Python Virtual Environments and Beyond

2 minute read

When I was first learning Python, the concept of virtual environments seemed unnecessary to me. Why would I bother keeping track of a different set of libraries within my current directory? What is wrong with the global ones? It wasn’t until I became a more mature programmer that I realized the usefulness.

After a few years of writing python, you may have multiple different versions of python on your system. Each version may have different libraries, and when you install a new library, it may have different requirements to other things. This eventually can get very confusing, but it can still be handled. Only recently did I realize the most important aspect of them: deployments. If you wish to deploy your application to AWS, Heroku, or just upload the library to Github, the virtualenv will mirror the environments on these remote locations.
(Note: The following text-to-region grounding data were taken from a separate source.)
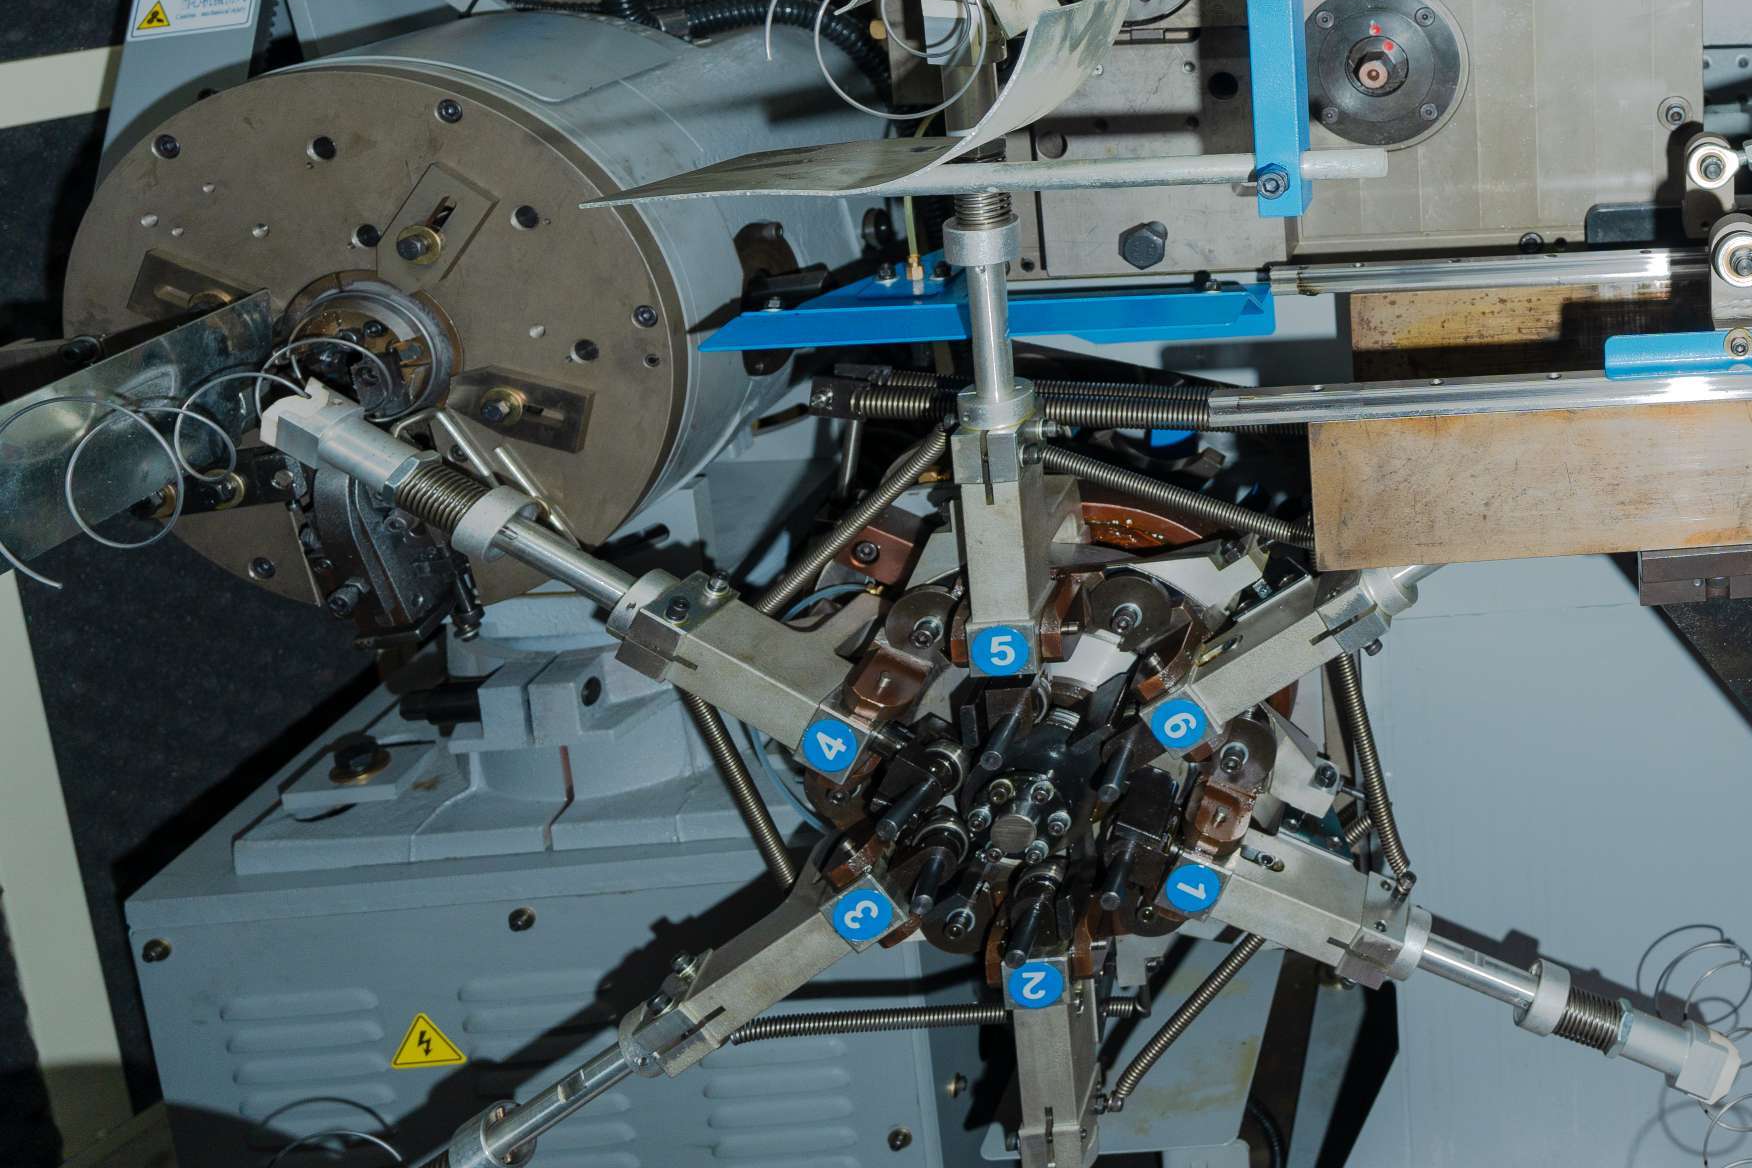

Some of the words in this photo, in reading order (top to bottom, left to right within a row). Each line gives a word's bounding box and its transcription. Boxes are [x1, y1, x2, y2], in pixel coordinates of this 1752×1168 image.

[990, 636, 1015, 666] 5
[1163, 711, 1197, 740] 6
[817, 731, 848, 760] 4
[1177, 876, 1207, 901] 1
[844, 899, 879, 930] 3
[1022, 971, 1048, 1000] 2
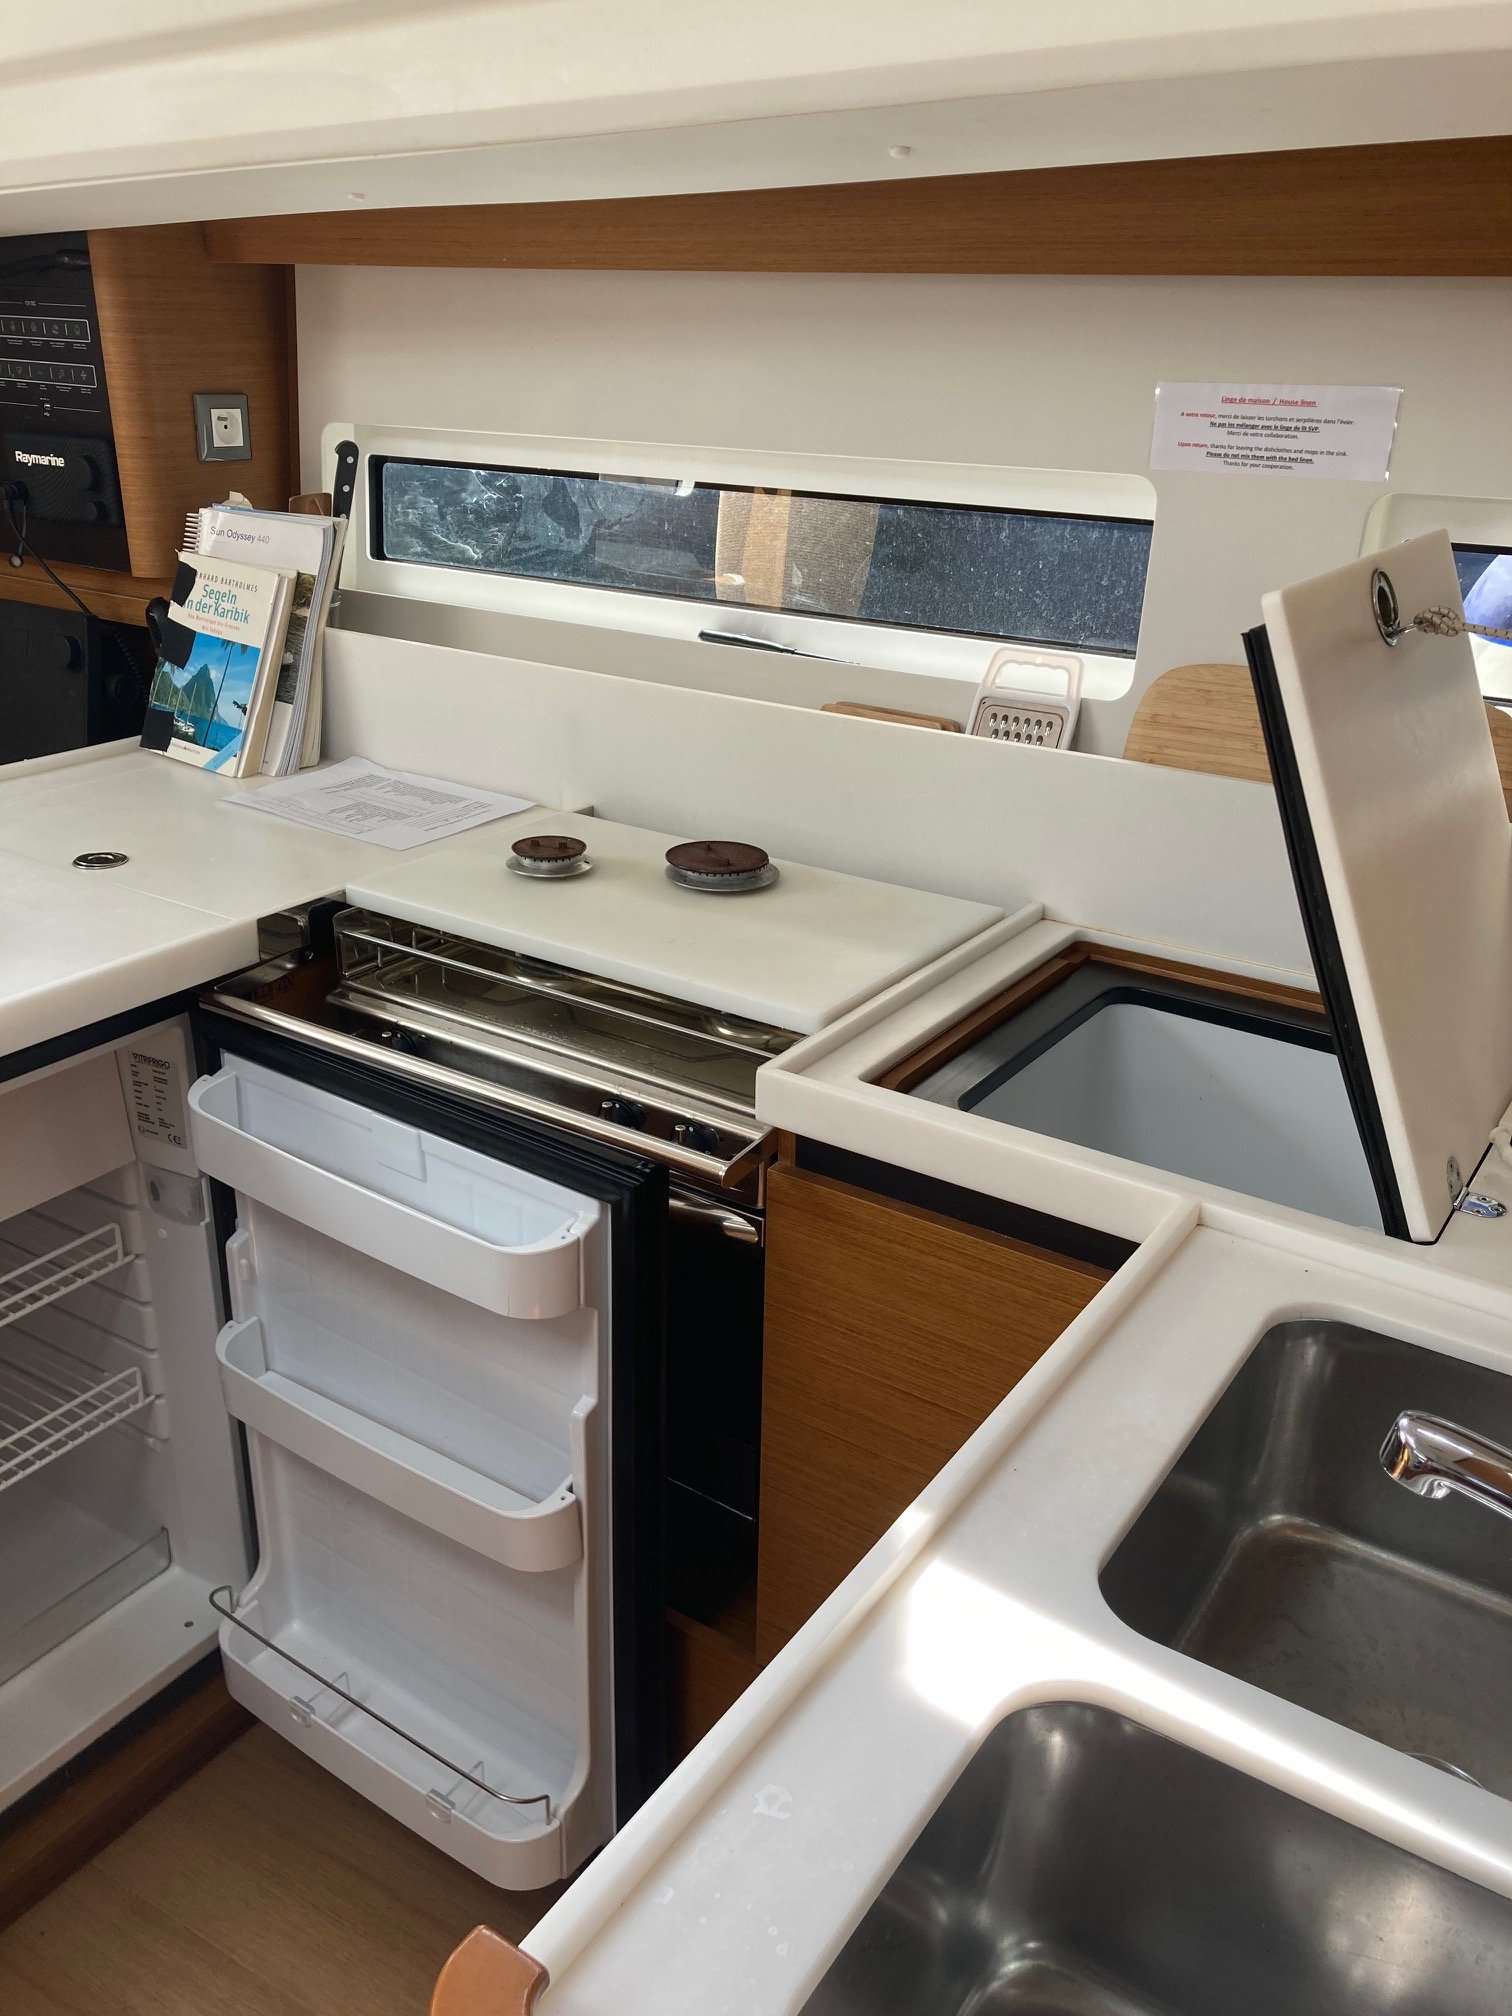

A python virtual environment is a new python environment that is set up within a directory. It starts with no extra libraries, and new libraries will not be installed globally. It is self-contained.

Comparison: JS and Ruby

I have a much better understanding of venvs after learning Node JS. For a Node project, you create a file called package.json, and you include a list of the application dependencies. Node’s package manager, npm, then installs these dependencies to a directory called node_modules. Everything is self-contained, and when you run the application, it does not depend on anything external. You can then package it up and send it to any server, run npm install, and your application is good to go.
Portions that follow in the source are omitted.